PG&E stated that it did not allow customers to reduce the contract amount to only the San Juan Basin allocation to prevent customers from unfairly gaming the system by requesting more gas than they needed simply to get a higher pro rata share, accepting that pro rata share, and then lowering their contract quantity to the detriment of other customers who were more honest about their actual needs.
PG&E Corporate Account Manager Karl Aube testified that he attended several of the negotiations at the Ione facility along with Blume and Donald Cooper to assist in explaining the new CIG program and the change from service levels to a new firm transportation rate. Aube testified that he informed each and every natural gas customer he dealt with that, because of the high demand, customers nominating for gas from the San Juan Basin should expect allocations from that basin to be less than the amounts nominated. Aube claimed he explained to NARCO its obligation to use PG&E's firm transportation rights to make up with CIG from other interstate supply sources any shortfall between its San Juan Basin nomination and its actual San Juan Basin allocation. Aube also testified that he stressed the use-or-pay provisions multiple times prior to the Agreement being signed, and noted that if NARCO wanted firm transportation from PG&E, such high priority gas use would have a use-or-pay provision if NARCO wanted to retain the ability to burn oil.
Aube's understanding was that if NARCO had difficulty meeting use-or-pay obligations, the company would displace oil burning to meet those obligations and avoid penalties. Aube and Blume both testified that they never advised NARCO, or any other customer, that it could change the ACQ to fit actual requirements after allocations had been established.
The second opportunity to change the contract quantity was prior to the second year. Because these were two-year agreements, the contract provided for the customer to request that the contract quantity be changed at least 30 days prior to the beginning of the second contract year. PG&E notes that NARCO took advantage of this option and increased the contract quantity from 508,000 to 513,895 Dth.

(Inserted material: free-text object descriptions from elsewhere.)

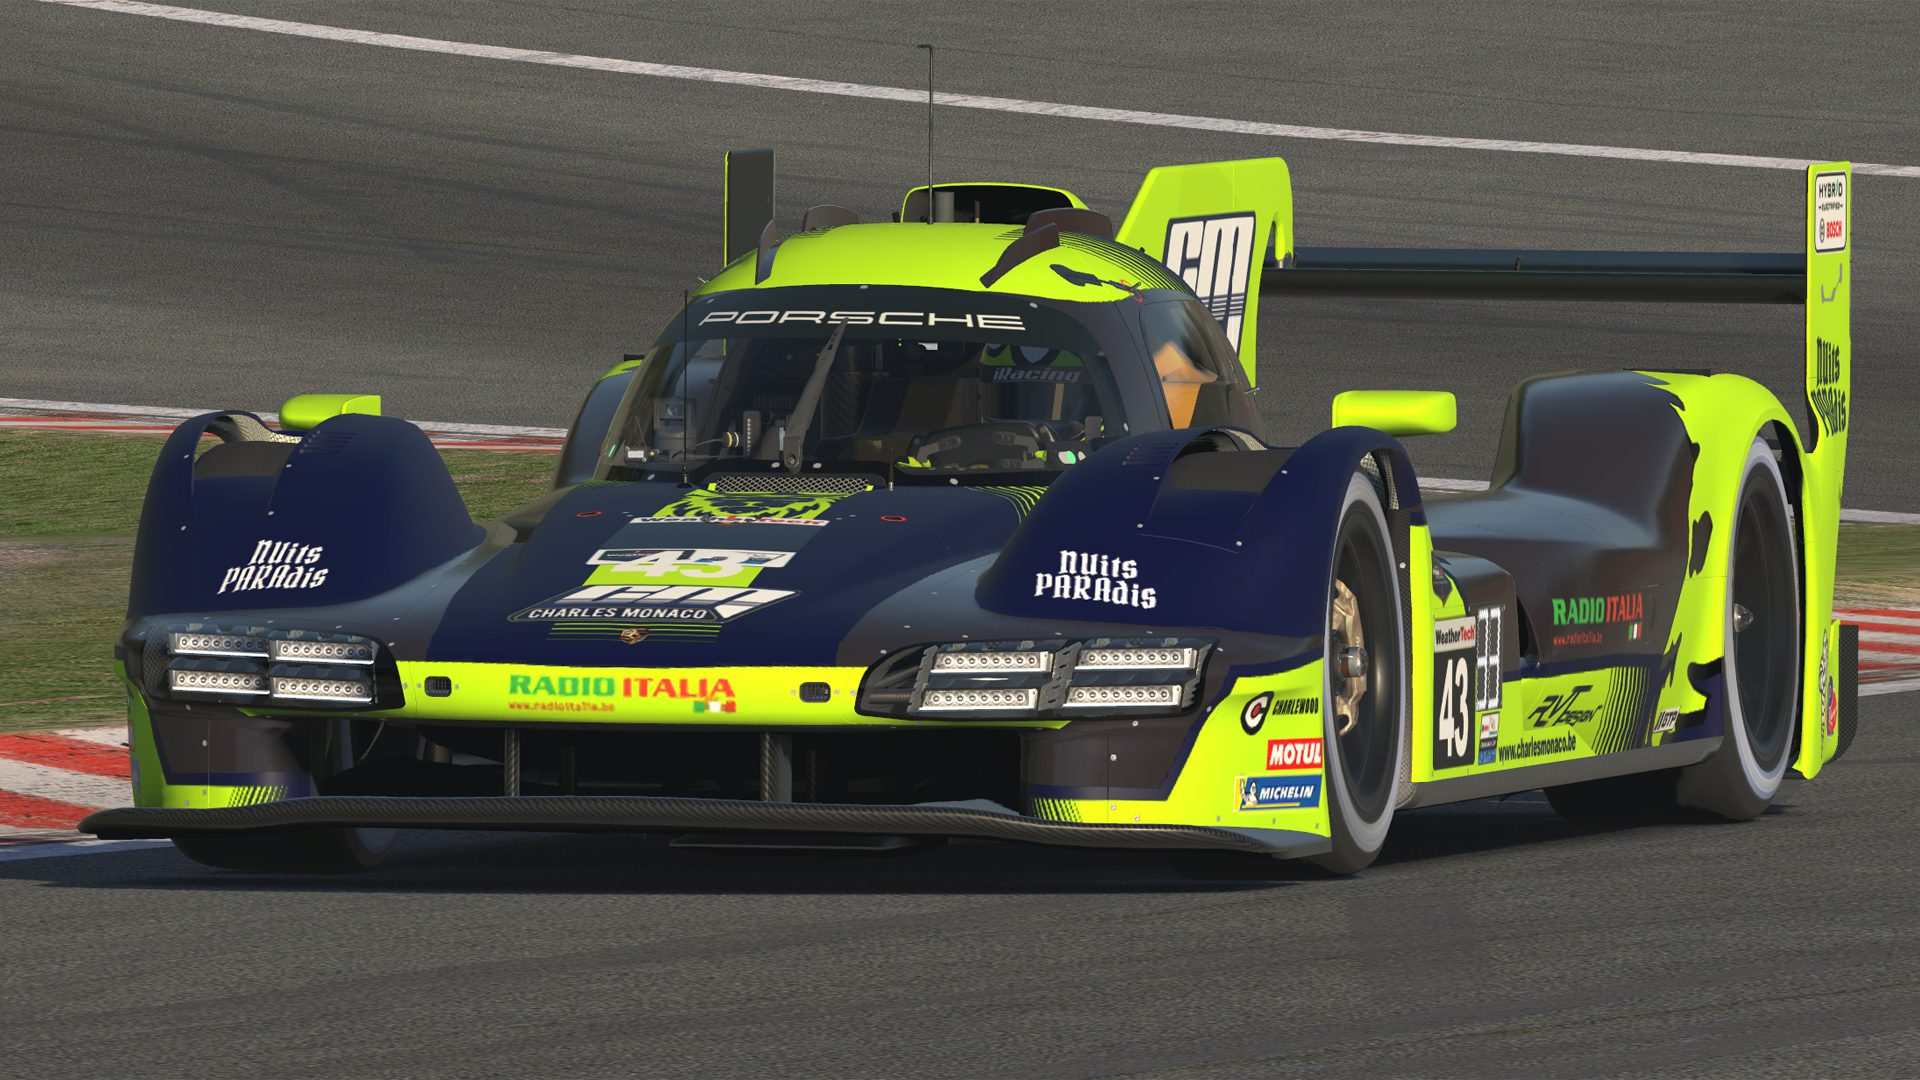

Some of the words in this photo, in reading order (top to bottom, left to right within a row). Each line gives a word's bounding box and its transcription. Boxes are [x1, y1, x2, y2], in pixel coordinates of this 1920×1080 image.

[1826, 221, 1842, 239] BOSCH
[698, 310, 1026, 331] PORSCHE
[992, 367, 1081, 383] iRacing
[611, 550, 744, 579] 43
[528, 607, 617, 619] CHARLES
[621, 607, 707, 620] MONACO
[1552, 597, 1605, 625] RADIO
[1605, 592, 1643, 623] ITALIA
[1435, 625, 1475, 645] WeatherTech
[509, 674, 615, 696] RADIO
[623, 677, 736, 698] ITALIA
[509, 700, 615, 712] www.radioitalia.be
[1272, 697, 1319, 716] CHARLEWOOD
[1438, 657, 1469, 758] 43
[1269, 742, 1322, 766] MOTUL
[1499, 730, 1577, 762] www.charlesmonaco.be
[1258, 785, 1314, 800] MICHELIN

Blume also states that she communicated with Zaro many times about the fact the plant was not using the minimum amount. She also pointed out that NARCO received information regarding its underutilization of contracted amounts not only through the detailed bills, but also through the activities of its broker Access, which was responsible for trading excess gas on the secondary market.
PG&E states that its actions are consistent with the Commission's order in D.90-09-089 that only force majeure could relieve a customer from the use-or-pay obligation.
Finally, PG&E states that its investigation, billing and collection procedures in connection with matters involved in the complaint have been in accordance with all relevant provisions of the Public Utilities Code and other applicable law, with the decisions of the Commission, and with all applicable rules and tariffs.
1 Although the term of the contract was made effective as of August 1, 1991, the Agreement indicates that Richard V. Zaro executed the contract on August 5, 1991.